According to Farm Credit Illinois’ annual benchmark study, farmland values in the central and southern 60 counties of Illinois decreased for the first time since 2018. On average, the benchmarks are down 4.4% across the area. The annual update finds 14 of 22 benchmark farms decreased in value, six increased and two remained unchanged.
“Land values had a dramatic run-up beginning in 2003 until peaking in 2014,” notes Kent Reid, Chief Appraiser. “The first decline in more than a decade began in 2015, continuing a slight decline through 2018. From then on, land values increased again for six consecutive years and set new highs in 2024.” Land values increased 2.1% in 2020, 8.5% in 2021, a substantial 27.9% in 2022, 8.1% in 2023 and 7.49% in 2024.
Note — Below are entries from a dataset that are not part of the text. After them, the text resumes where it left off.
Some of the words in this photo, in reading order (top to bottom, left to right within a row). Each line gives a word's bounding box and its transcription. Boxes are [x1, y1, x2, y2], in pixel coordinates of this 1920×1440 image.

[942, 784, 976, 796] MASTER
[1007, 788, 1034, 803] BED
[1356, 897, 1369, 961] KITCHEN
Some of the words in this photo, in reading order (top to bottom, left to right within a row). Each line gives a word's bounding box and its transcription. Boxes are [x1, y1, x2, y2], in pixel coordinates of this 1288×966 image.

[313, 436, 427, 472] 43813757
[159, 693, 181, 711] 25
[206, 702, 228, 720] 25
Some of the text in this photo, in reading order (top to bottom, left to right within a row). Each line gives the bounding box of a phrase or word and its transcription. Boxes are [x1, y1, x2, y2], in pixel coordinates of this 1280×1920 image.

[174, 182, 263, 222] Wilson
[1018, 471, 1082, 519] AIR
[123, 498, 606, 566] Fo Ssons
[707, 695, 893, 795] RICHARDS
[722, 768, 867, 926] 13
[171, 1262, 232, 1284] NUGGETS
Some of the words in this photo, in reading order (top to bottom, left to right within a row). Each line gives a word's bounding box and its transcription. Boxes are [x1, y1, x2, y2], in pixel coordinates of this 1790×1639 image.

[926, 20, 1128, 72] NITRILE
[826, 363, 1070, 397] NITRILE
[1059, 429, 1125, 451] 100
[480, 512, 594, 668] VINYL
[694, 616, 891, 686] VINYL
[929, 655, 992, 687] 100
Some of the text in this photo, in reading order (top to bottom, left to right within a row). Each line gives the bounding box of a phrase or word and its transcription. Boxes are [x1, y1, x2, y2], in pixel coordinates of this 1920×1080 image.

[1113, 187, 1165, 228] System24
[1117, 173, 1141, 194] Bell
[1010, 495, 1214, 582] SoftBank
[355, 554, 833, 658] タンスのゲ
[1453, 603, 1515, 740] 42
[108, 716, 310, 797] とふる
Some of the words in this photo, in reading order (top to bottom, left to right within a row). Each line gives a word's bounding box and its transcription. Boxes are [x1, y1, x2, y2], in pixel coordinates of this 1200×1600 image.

Results across all land classes show considerable variation, reinforcing the view agricultural real estate is a location-specific asset, he says. When considering individual benchmark values, the year-over-year changes range from -13.6% to +27.4%.
Farms with a PI rating of 133 to 147 sported values ranging from $16,000 to $19,000 and registered an 8.5% annual decline. Those with a PI of 117 to 132 ranged in value from $12,000 to $22,000 with an annual decrease of 4.7%. Farms with a PI of 100 to 116 in the north of the area listed values from $8,700 to $11,500 which is a 5.2% decrease. Farms with a same 100 to 116 PI but located in the south sported values from $6,100 to $13,400 – an increase of 4.2%.
Commodity prices began to decline in the second half of 2023, leading to reduced net farm income for the 2024 crop year. Continued low prices are expected to negatively impact the current crop year, he says.
Farmland transaction volume decreased slightly, however, demand for Illinois farmland continues to remain stable for the available supply of farms for sale. Buyers are a mix of operating farmers, retired farmers, and local farmland investors, he notes.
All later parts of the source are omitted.